Sono abbastanza convinto che spesso musicisti anche molto bravi si tirino degli autogol da soli autoponendosi dei limiti (che in realtà non hanno) circa quello che possono o non possono suonare. Mi fa impazzire l’idea di poter trasferire la stessa idea di linguaggio in più contesti, lo vedo un po’ come quelle straordinarie persone poliglotte che riescono ad avere sempre la stessa impronta espressivo-grammaticale in più lingue che differiscono molto tra loro in termini di sviluppo del pensiero. È un tipo di confidenza col linguaggio musicale che vorrei poter avere un giorno.

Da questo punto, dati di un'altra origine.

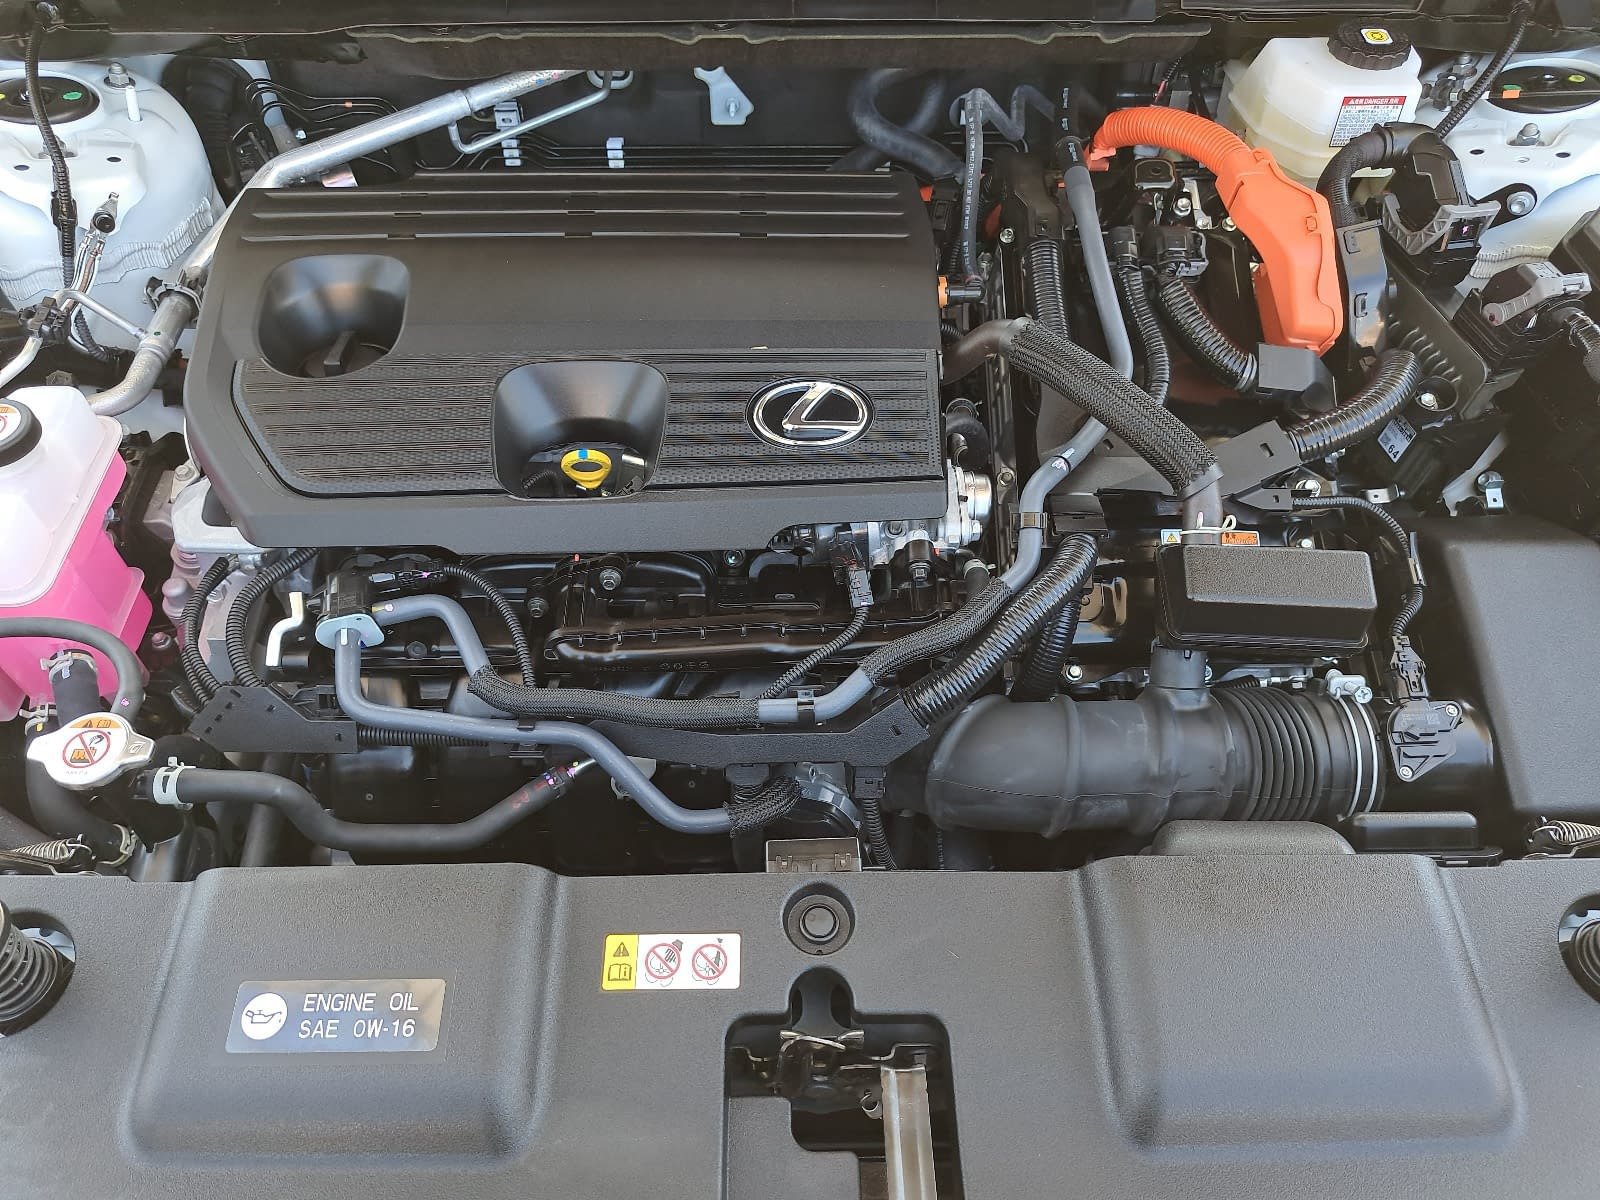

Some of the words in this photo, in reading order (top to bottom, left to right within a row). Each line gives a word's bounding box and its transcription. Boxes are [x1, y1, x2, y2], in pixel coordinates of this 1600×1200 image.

[303, 992, 376, 1012] ENGINE
[389, 992, 419, 1011] OIL
[298, 1019, 340, 1039] SAE
[353, 1018, 416, 1039] 0W-16
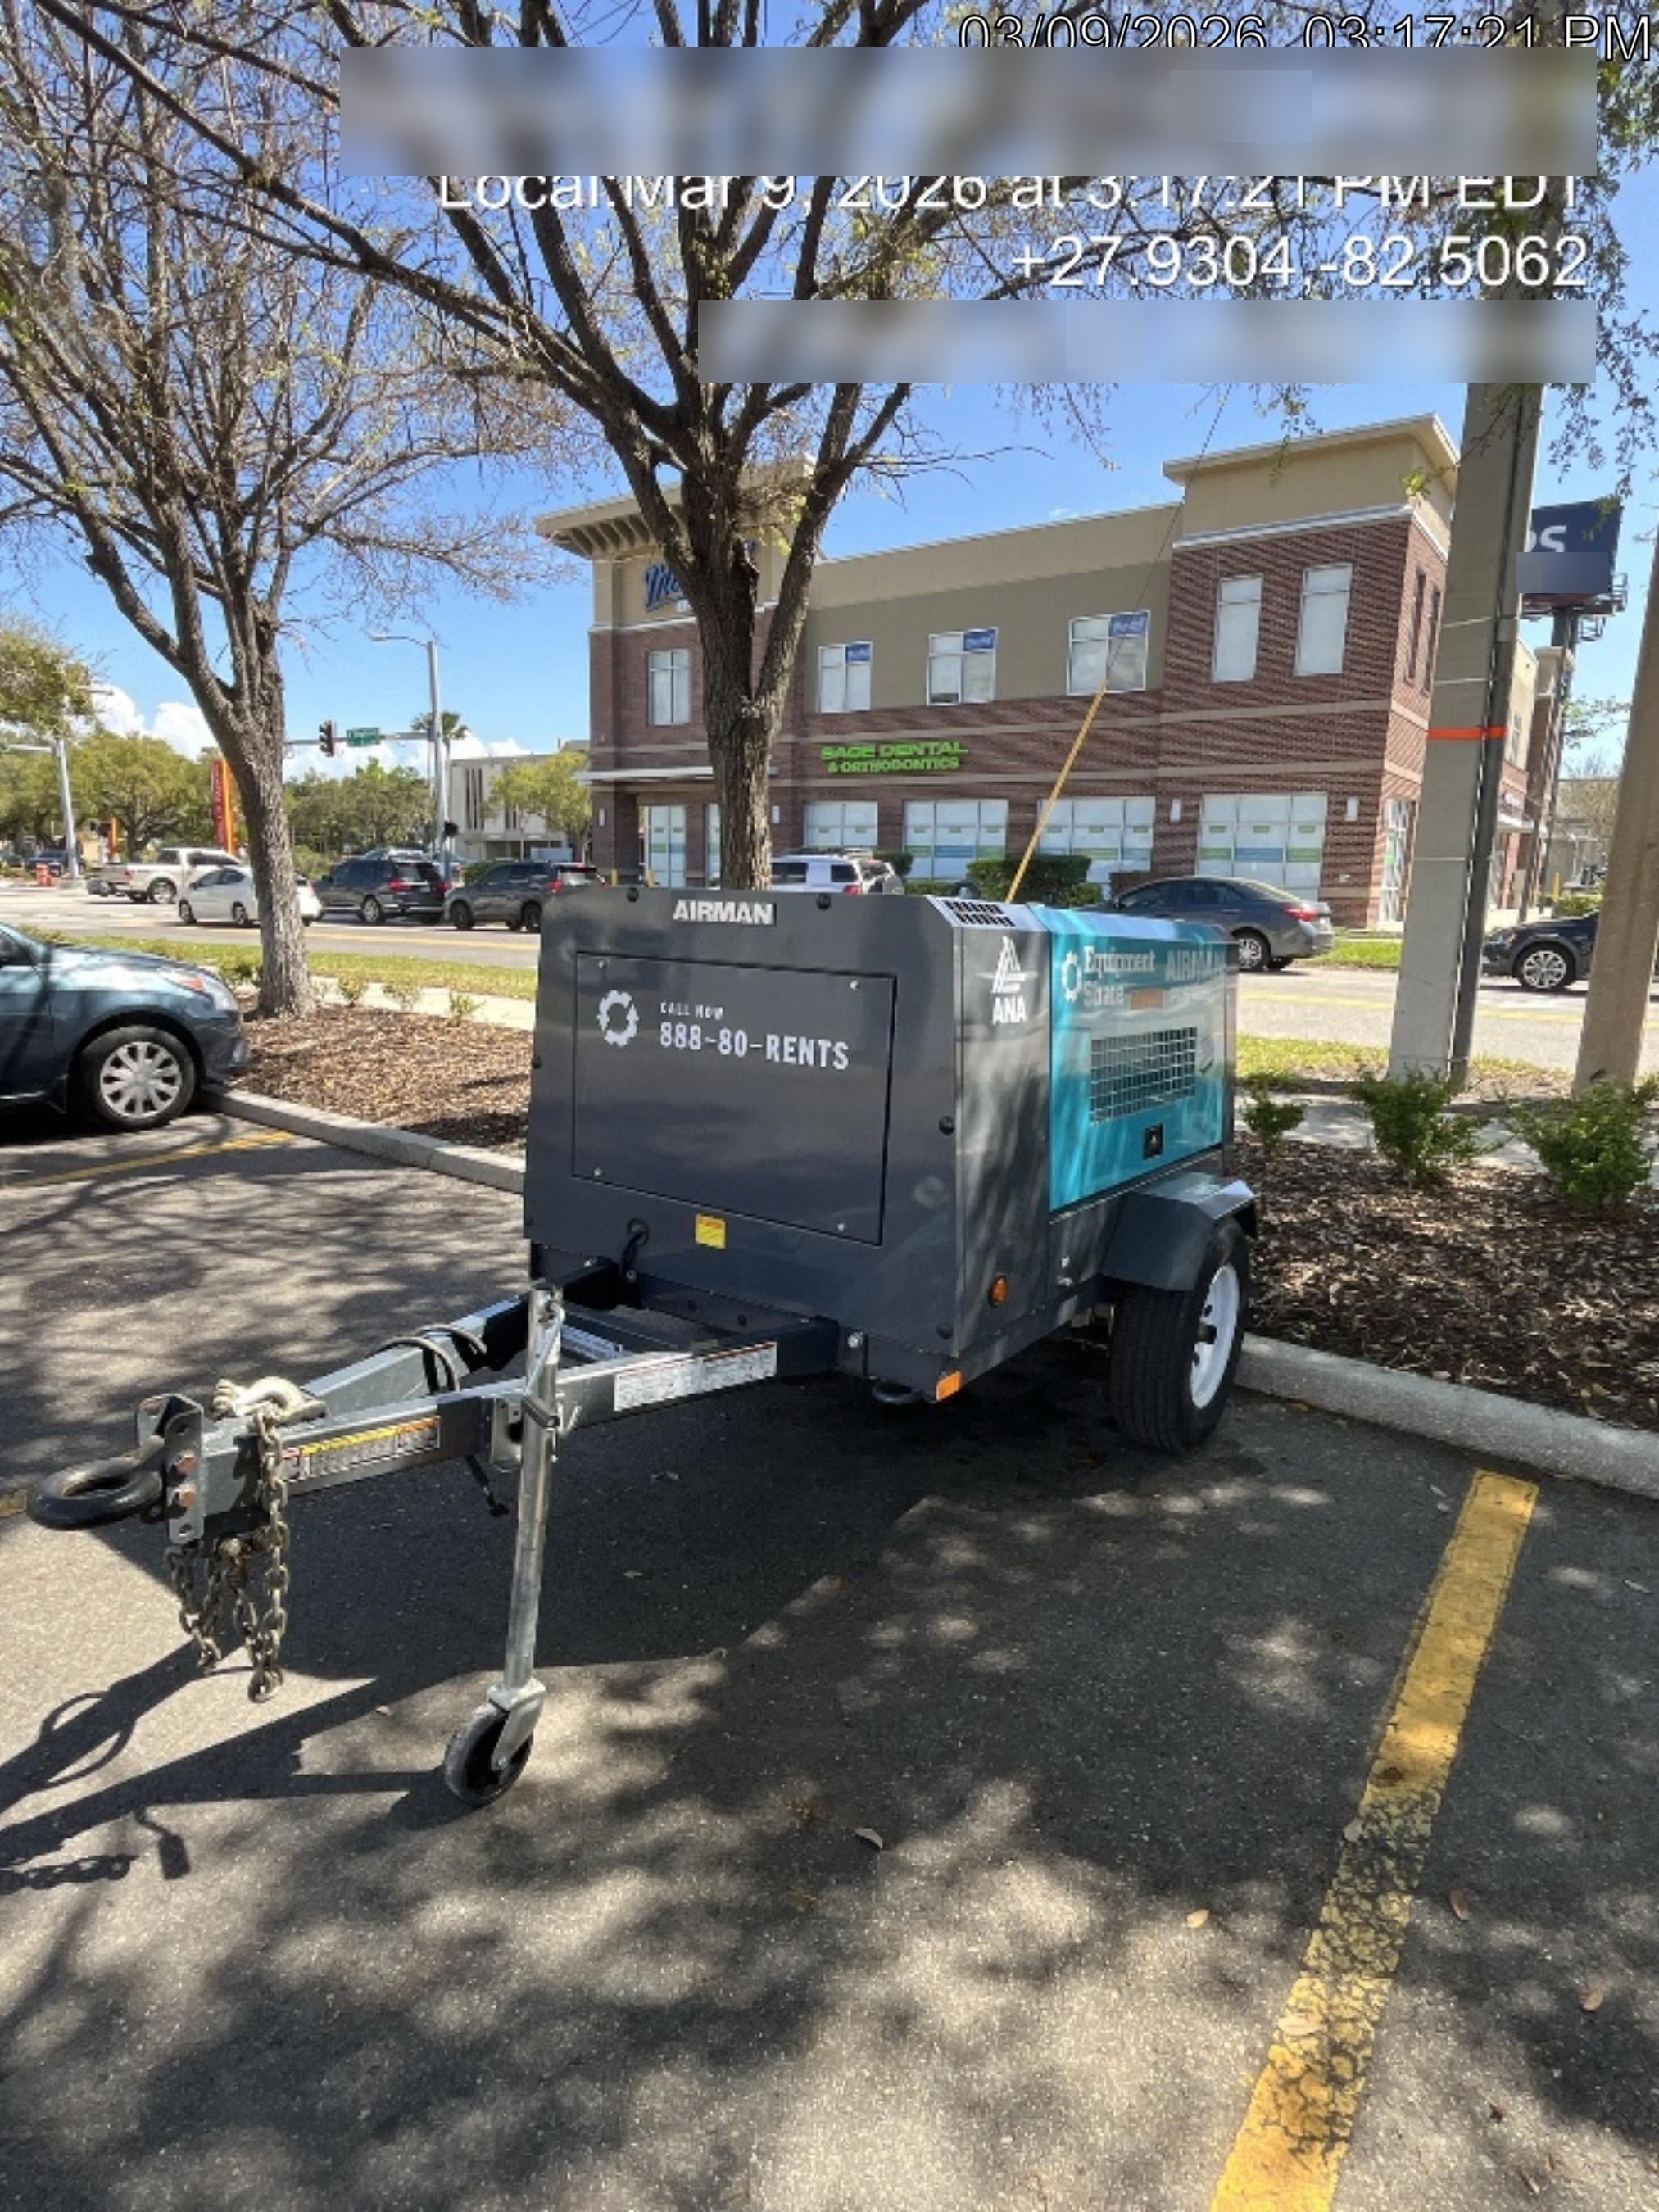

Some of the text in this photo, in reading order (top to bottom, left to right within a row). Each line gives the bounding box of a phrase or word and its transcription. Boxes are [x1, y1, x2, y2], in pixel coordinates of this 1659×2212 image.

[821, 741, 969, 759] SAGE DENTAL
[840, 757, 961, 773] ORTHODONTICS
[672, 899, 774, 926] AIRMAN
[1083, 945, 1156, 978] Equipment
[660, 1002, 723, 1020] CALL NOW
[992, 995, 1027, 1025] ANA
[660, 1022, 850, 1071] 888-80-RENTS

So che suoni molto bene anche altri strumenti, oltre a rivestire il ruolo di cantante. E’ la batteria lo strumento che ti permette di esprimerti meglio oppure la tua espressione artistica è derivante da altri strumenti o da ciò che ti circonda ? Cosa rappresenta per te la batteria ?
Suono molto bene purtroppo solo la batteria, anche se molte persone pensano che sia anche un pianista. La batteria mi permette di esprimermi al 100% rispetto al pianoforte o al canto, tuttavia quando cerco di comporre, lo faccio quasi sempre sul pianoforte, che adoro. Il pianoforte è stato il mio primo strumento, molto prima della batteria, iniziai a strimpellarlo ad 8 anni seguendo mia sorella che lo studiava da piccola, e questo amore dura tuttora. Cercherò di ritagliarmi del tempo per approfondirne la conoscenza e la padronanza. Vorrei poter esprimermi, se non come avviene con la batteria, ad un livello simile.
Tornando alla batteria, se dovessi chiudere gli occhi e dire la prima cosa che vedo quando penso a lei, direi: terra. Intendo il terreno dei campi, arido, umido o fangoso che sia; sento che la batteria permette a tutti di potersi connettere a qualcosa di profondamente puro ed unico con consapevolezza tremendamente logica, un po’ come
l ‘appercezione delle monadi di Leibniz ahahahah
Stilisticamente, preferisci lavorare in un’orchestra o in una band di pochi elementi ? Il tuo drumming come muta a differenza di queste situazioni ?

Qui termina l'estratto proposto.